Andrew Haigh talvez tenha realizado aqui o seu filme mais pessoal, o que não é pouca coisa se levarmos em consideração que ele já assinou pérolas como 45 Anos. Aqui, ele retorna ao universo gay sem mimetizar Weekend, seu ótimo trabalho de estreia na direção de longas-metragens. Pelo contrário: é nítido como Haigh se mostra versátil em estilo e discussões, dessa vez centrado em um protagonista “assombrado” pelas bases afetivas mal resolvidas de sua vida.

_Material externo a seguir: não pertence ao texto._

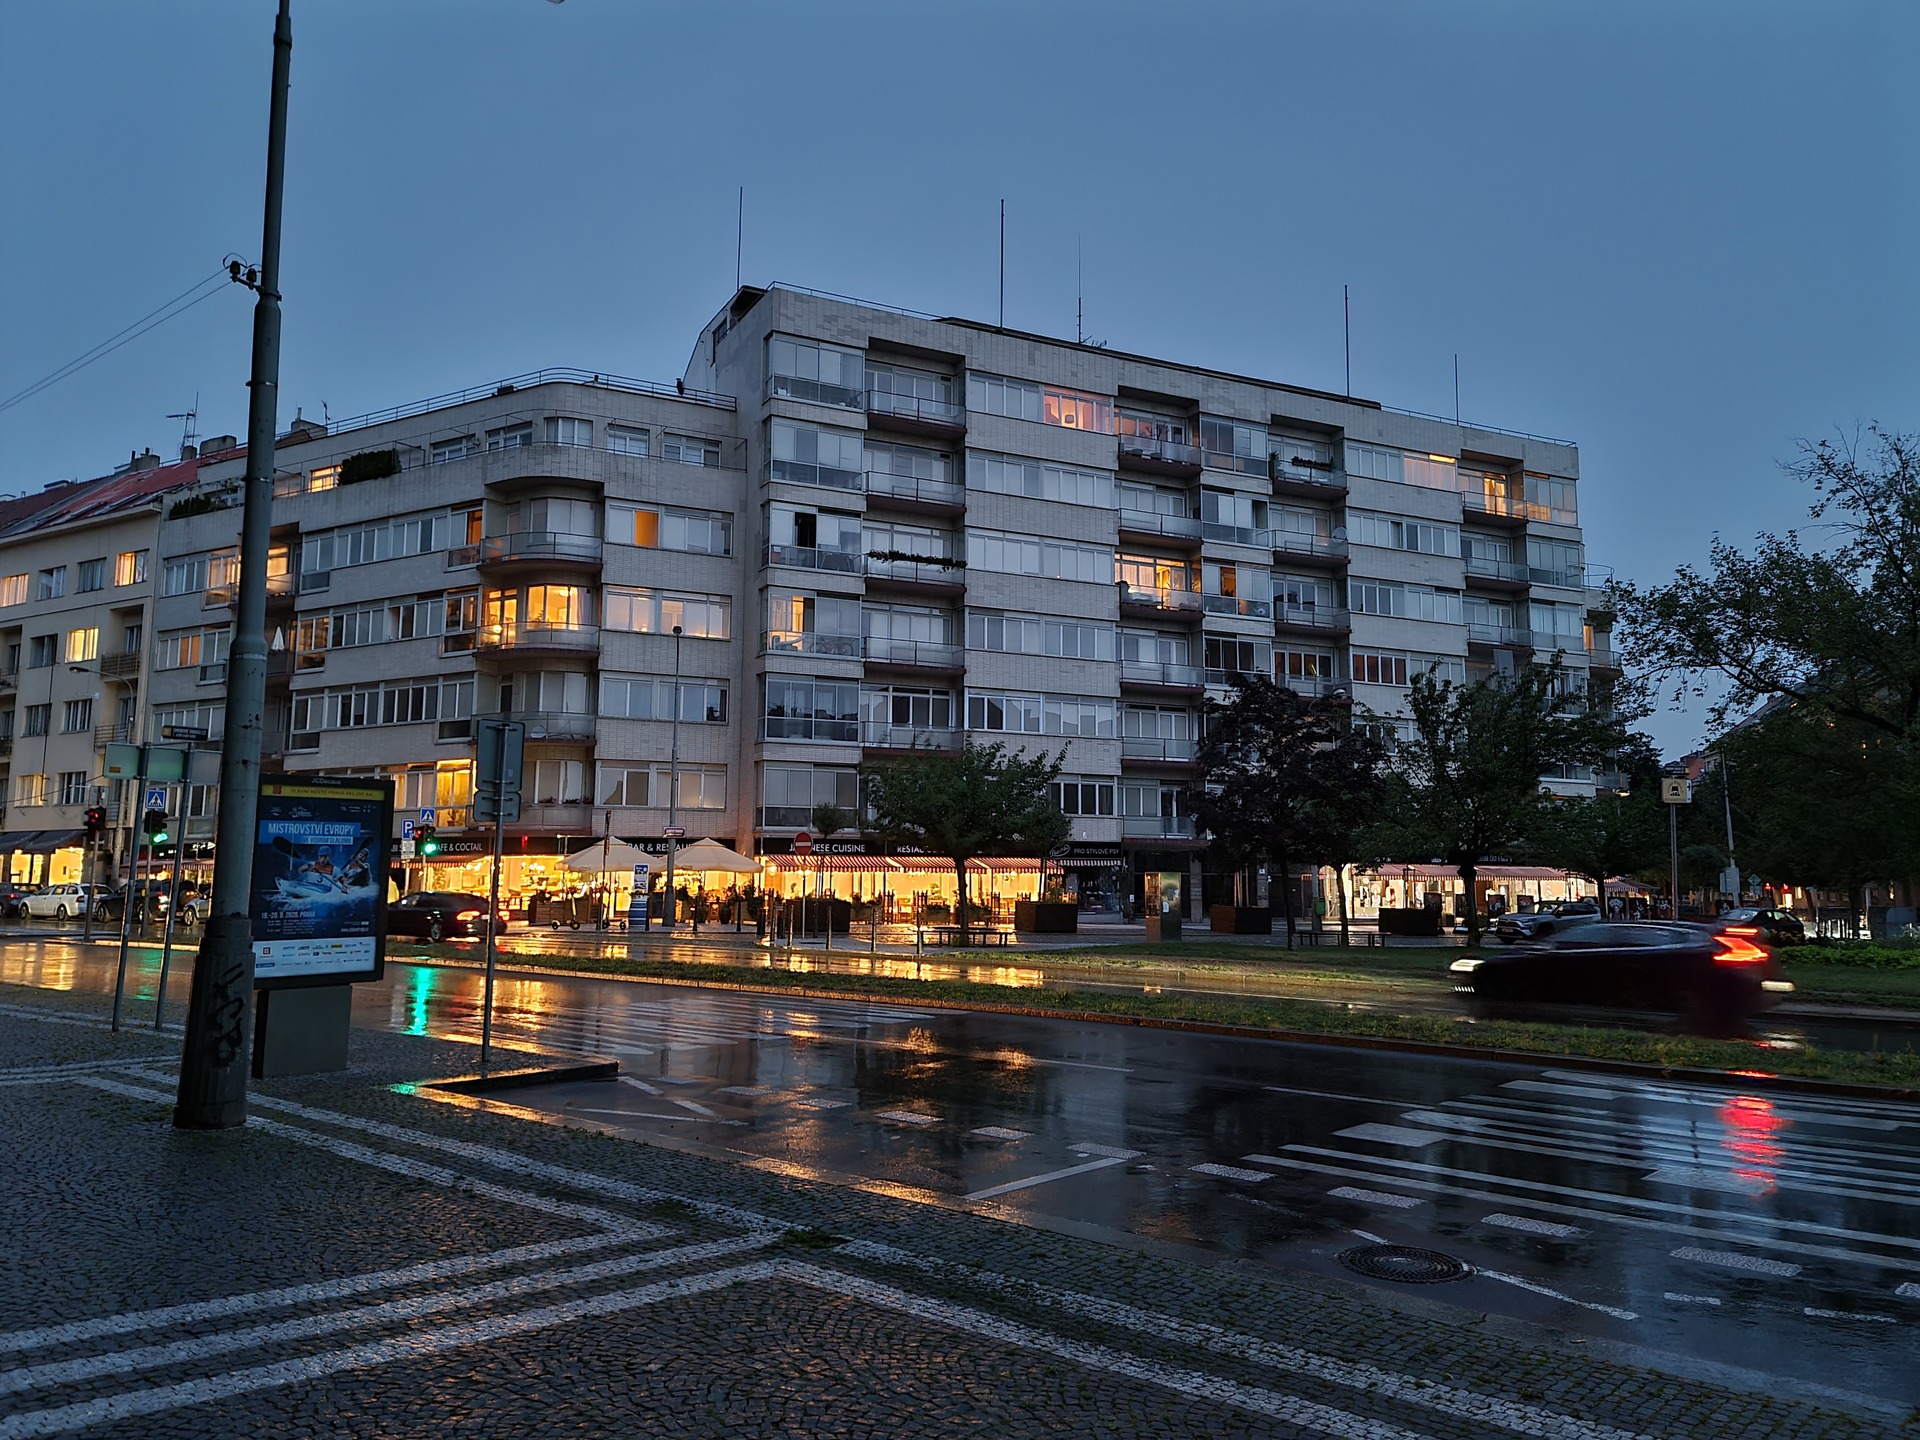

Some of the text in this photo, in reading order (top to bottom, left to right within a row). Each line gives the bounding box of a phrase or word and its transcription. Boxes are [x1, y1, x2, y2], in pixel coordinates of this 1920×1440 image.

[267, 821, 355, 836] MISTROVSTVÍ EVROPY
[404, 821, 413, 834] P
[455, 842, 483, 852] COCTAIL
[646, 843, 654, 852] &
[831, 844, 866, 853] CUISINE

Como acontece com cada um de nós, Adam (Andrew Scott) é, em todos os sentidos e para o bem ou para o mal, fruto da criação que recebeu dos pais. Ambos ainda estão muito vivos em sua memória, a ponto de reaparecerem para ele como fantasmas, mas com uma diferença crucial: o casal parece ter parado no tempo, há exatos 30 anos, quando Adam ainda era uma criança a caminho da adolescência — período delicadíssimo para quem se descobre gay.

Ao reencontrar os pais, ele revisita uma série de silêncios que Todos Nós Desconhecidos trata magistralmente como atemporais. O silêncio de Adam é um deles: quando pequeno, chorava sozinho no quarto por ter a sua sexualidade zombada. Por outro lado, o silêncio vivido em casa machucava em dobro, uma vez que o pai (Jamie Bell) sabia que algo estava  errado com o filho ao ouvi-lo chorar, mas era incapaz, à época, de abrir a porta e oferecer-lhe um abraço ou uma palavra de conforto. A cena em que ambos conversam sobre essa cicatriz, com certa perspectiva, é de partir o coração.

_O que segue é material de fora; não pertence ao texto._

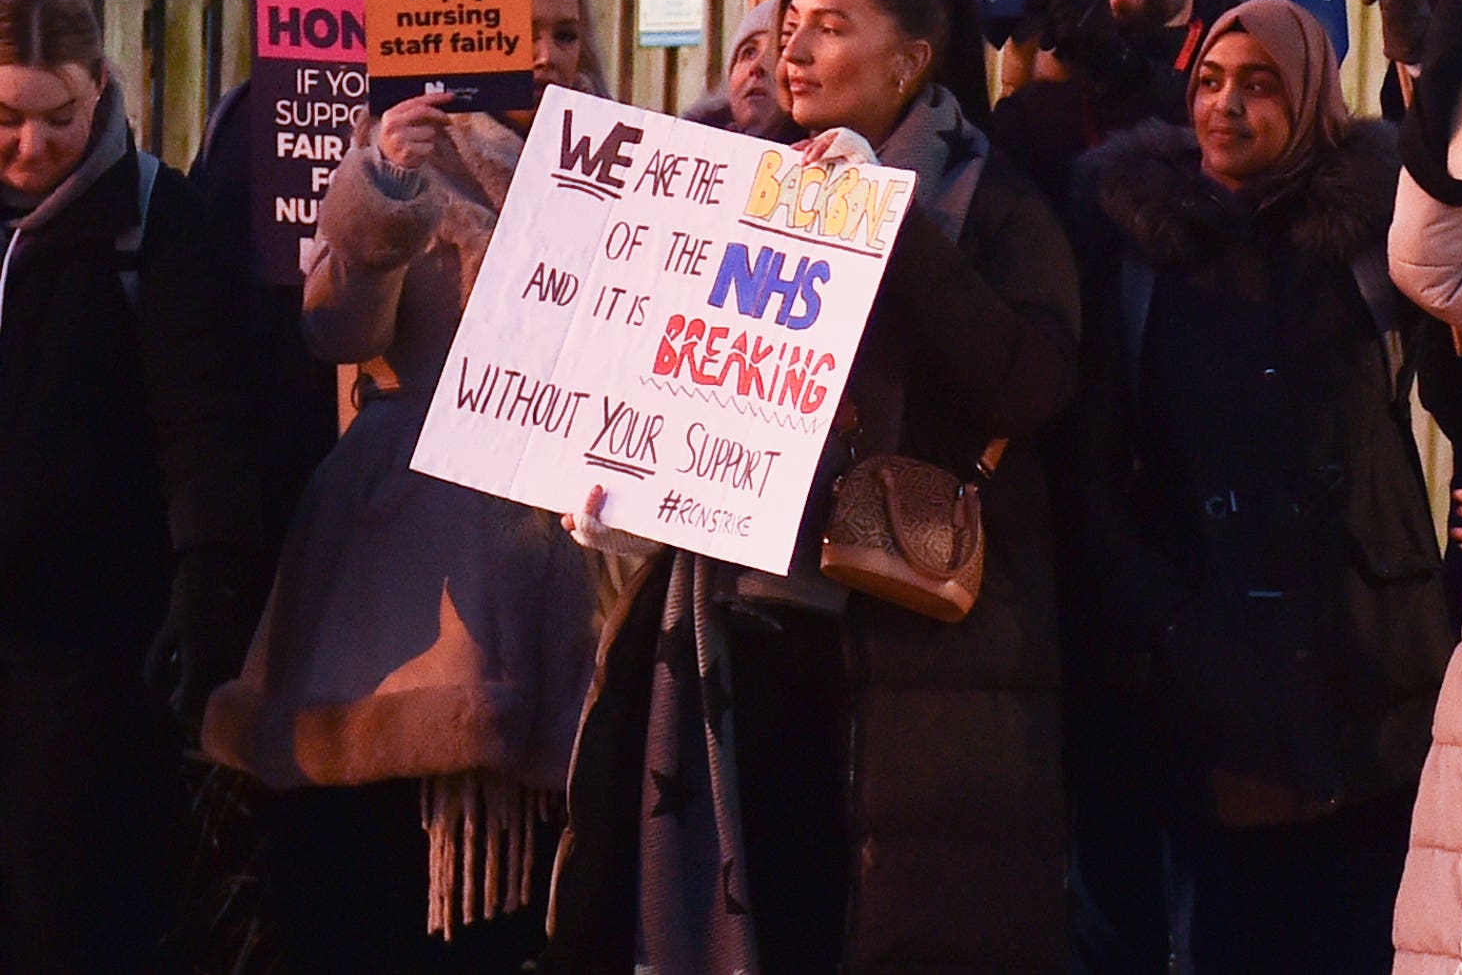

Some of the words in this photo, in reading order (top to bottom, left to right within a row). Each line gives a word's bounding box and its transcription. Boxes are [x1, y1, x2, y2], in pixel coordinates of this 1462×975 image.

[379, 33, 443, 57] staff
[449, 30, 520, 55] fairly
[396, 3, 501, 28] nursing
[296, 68, 319, 96] IF
[276, 131, 343, 162] FAIR
[559, 108, 644, 189] WE
[633, 147, 684, 198] ARE
[684, 156, 729, 205] THE
[743, 148, 910, 251] BACKBONE
[521, 260, 580, 308] AND
[592, 284, 627, 322] IT
[626, 293, 651, 326] IS
[605, 220, 650, 262] OF
[664, 231, 713, 277] THE
[707, 241, 831, 328] NHS
[651, 313, 837, 414] BREAKING
[456, 356, 590, 439] WITHOUT
[588, 396, 664, 465] YOUR
[676, 422, 782, 499] SUPPORT

O adulto que desaba chorando ao conversar com o pai sobre a importância de um abraço  é o mesmo que precisa ser firme e quase didático com uma mãe que, embora cuidadosa com as palavras e os gestos, veladamente associa a homossexualidade à epidemia da AIDS, por exemplo. Também autor do roteiro baseado no romance Strangers, de Taichi Yamada, Haigh navega por essas questões com maturidade, levando-as para o plano emocional, sem parecer que está colocando o protagonista em um acerto de contas com o passado.

A dor de Adam está em compreender o quanto certas coisas tão triviais para garotos heterossexuais lhe foram negadas enquanto descobria sua homossexualidade — e, principalmente, em entender que essas marcas são profundas e ecoam por toda a vida. É aí que a presença de Harry (Paul Mescal), um vizinho aparentemente tão solitário quanto Adam, chega para fazer essa ponte entre passado e presente. Por meio da relação entre os dois, Todos Nós Desconhecidos explora, então, os efeitos do passado na forma como Adam se relaciona, desde a hesitação em começar uma simples conversa com um estranho até a entrega, que parece ter sabor extra exatamente por ser tão difícil.

Os dilemas do longa são ancorados em uma performance formidável de Adam Scott, a melhor de sua carreira até o momento. É impecável a habilidade com que ele explora tanto a maturidade de um homem marcado pelo passado quanto a fragilidade de alguém que, lá no fundo, talvez ainda seja um garoto precisando de carinho. Complementando o desempenho de Scott, todos os coadjuvantes têm momentos de brilho, como os pais vividos por Claire Foy e Jamie Bell, e o próprio Paul Mescal na pele do vizinho que se torna um importante interesse romântico.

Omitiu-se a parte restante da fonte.